By , agencyfaqs! | In | October 16, 2003
Not just communication, but even product, price and promotions should be personalised to reap maximum benefits from online marketing


The key to unraveling the power of the Internet lies in building a personal rapport with the user or customer. This thought was put forth by Alok Mittal, co-founder and vice-chairman of Jobsahead.com at the day-long seminar organised by OgilvyInteractive on the subject of 'Making Digital Marketing Work', in Mumbai, on October 14, 2003.

Mittal was speaking about his experience in acquiring online customers during the session on 'Customer Acquisition - How to effectively use interactive to generate leads'. He emphasised on the need to not only personalise communication but also product, price and promotions. "Personalisation is the greatest power of Internet-based marketing," he said.

Mittal cited the example of an online campaign initiated by Jobsahead to promote its resume-writing feature.
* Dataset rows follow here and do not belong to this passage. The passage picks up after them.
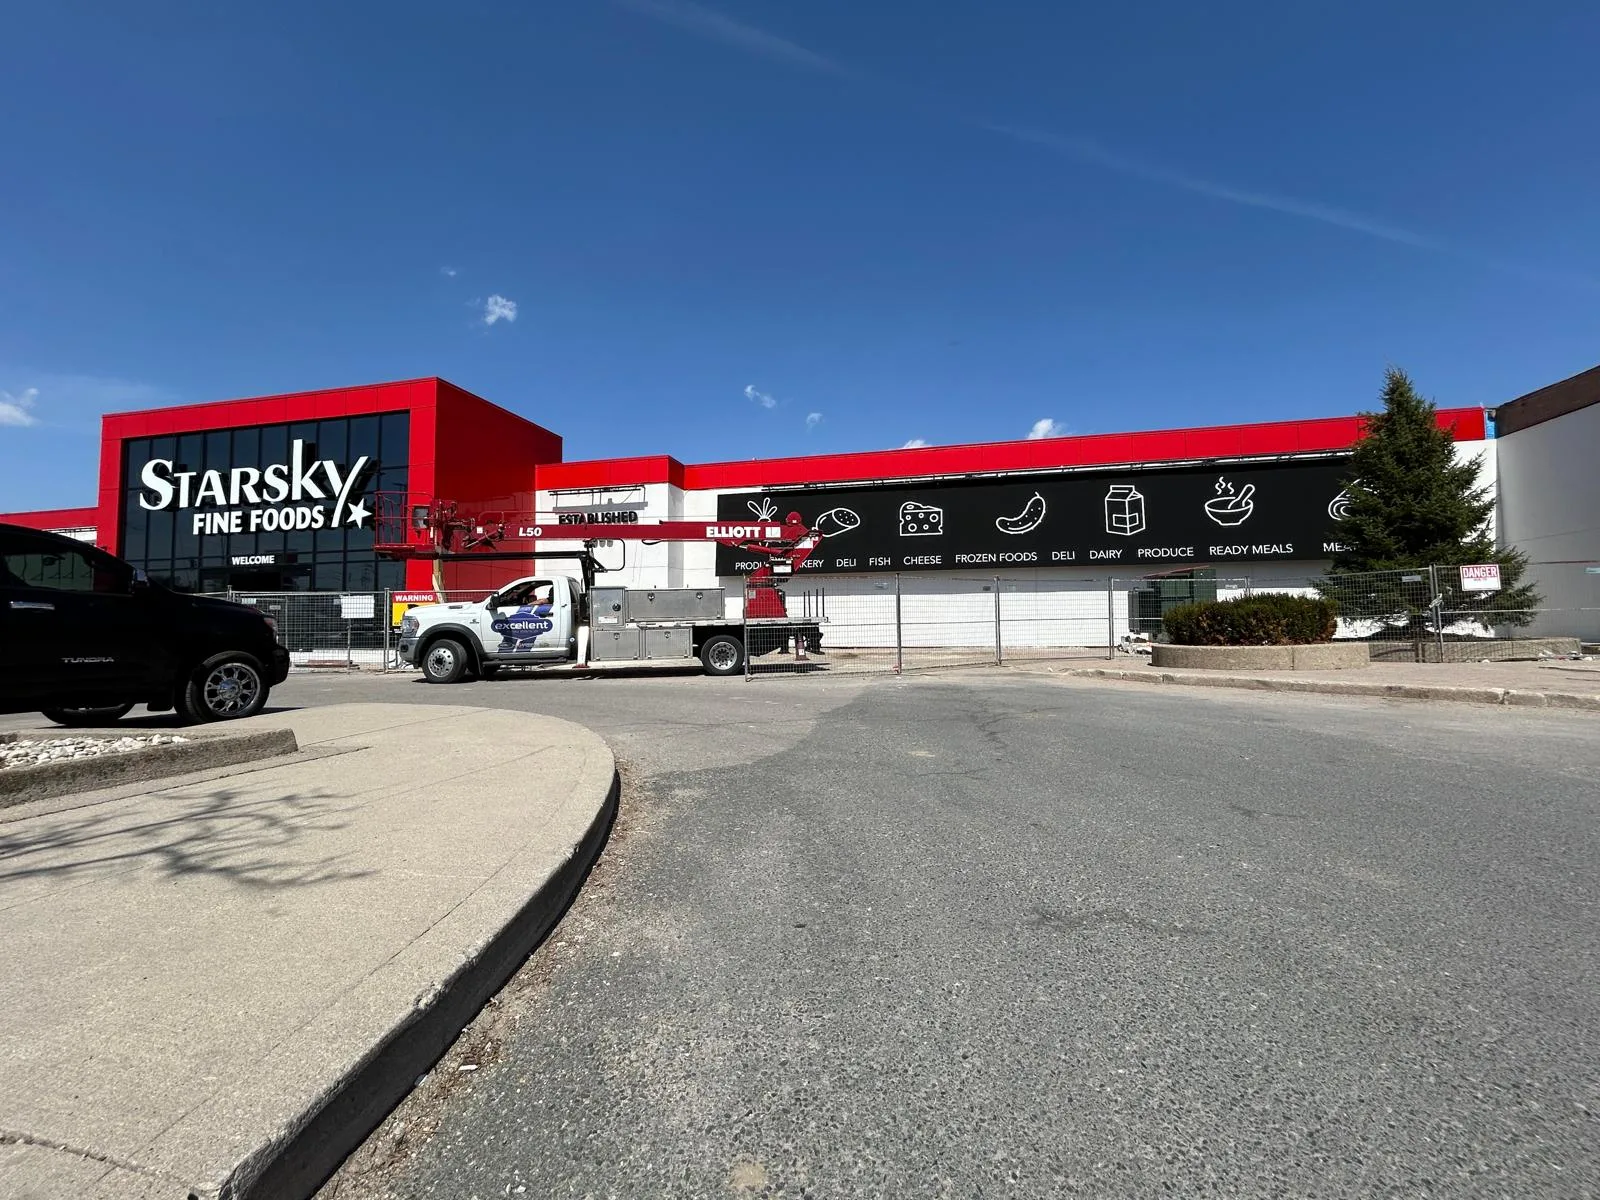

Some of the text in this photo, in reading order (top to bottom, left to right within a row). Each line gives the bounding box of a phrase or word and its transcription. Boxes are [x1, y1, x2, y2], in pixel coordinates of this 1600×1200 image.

[192, 505, 325, 535] FINE FOODS
[558, 511, 638, 525] ESTABLISHED
[518, 527, 542, 537] L50
[706, 526, 761, 538] ELLIOTT
[231, 555, 275, 566] WELCOME
[836, 558, 857, 567] DELI
[869, 557, 891, 566] FISH
[903, 555, 942, 565] CHEESE
[955, 553, 996, 564] FROZEN
[999, 552, 1038, 562] FOODS
[1051, 551, 1075, 561] DELI
[1089, 549, 1123, 559] DAIRY
[1137, 547, 1195, 558] PRODUCE
[1209, 545, 1249, 556] READY
[1252, 543, 1294, 554] MEALS
[1462, 566, 1497, 578] DANGER
[395, 594, 434, 602] WARNING
[494, 620, 549, 630] excellent
The mailer, in the form of a letter, was dispatched to people from various sectors, keeping in mind their experience, background and qualifications. The letter had a personal touch to it, and received an overwhelming response from the target audience tapped.

Mittal also stressed on the need to exploit the quality of interactivity inherent in the net. "Brands can now interact with customers and increase the level of engagement," he said.

Mittal pointed that a longer period of time, more energy and money is spent in devising creatives for an online campaign. "The creative cycle on the net is short," he said. "If you spend 3 to 4 per cent of your budgets on creative and divert the rest into media when offline, you could be spending close to 20 per cent on creative and the balance on media when online," he added.

Mittal pointed that the need of the hour was to organise processes and not pages. "You could, for instance, use exit pages to provide information about your brand rather than bombard the user or customer with information while he is performing a task online," he added.

Harsh Vardhan Roongta, CEO, Apnaloan.com, discussed the lessons he'd learnt in setting up and managing Apnaloan, a website offering loans and credit cards. Roongta pointed that there are four elements that work in a marketing medium - online experience, CRM, delivery and value. "The link between the four is technology and if combined well, can go a long way in winning over customers," he said.

The digital medium competes with other media, hence, customers expect value propositions to be superior and more attractive, he highlighted. "You need to narrow the gap between the offer, consideration and final transaction by keeping the lead capture mechanism very simple," he said.

Roongta stressed that viability will improve if quality implementation is sound. Contactibility, personalisation, addressing complaints, work towards keeping the database of customers happy apart from serving as a strong referral point, enticing non-users to try out the service. "Don't waste time and money in acquiring a customer if you cannot serve him or her," he cautioned. "Avoid bulk mail shots, and track conversions at every stage," he added. © 2003 agencyfaqs!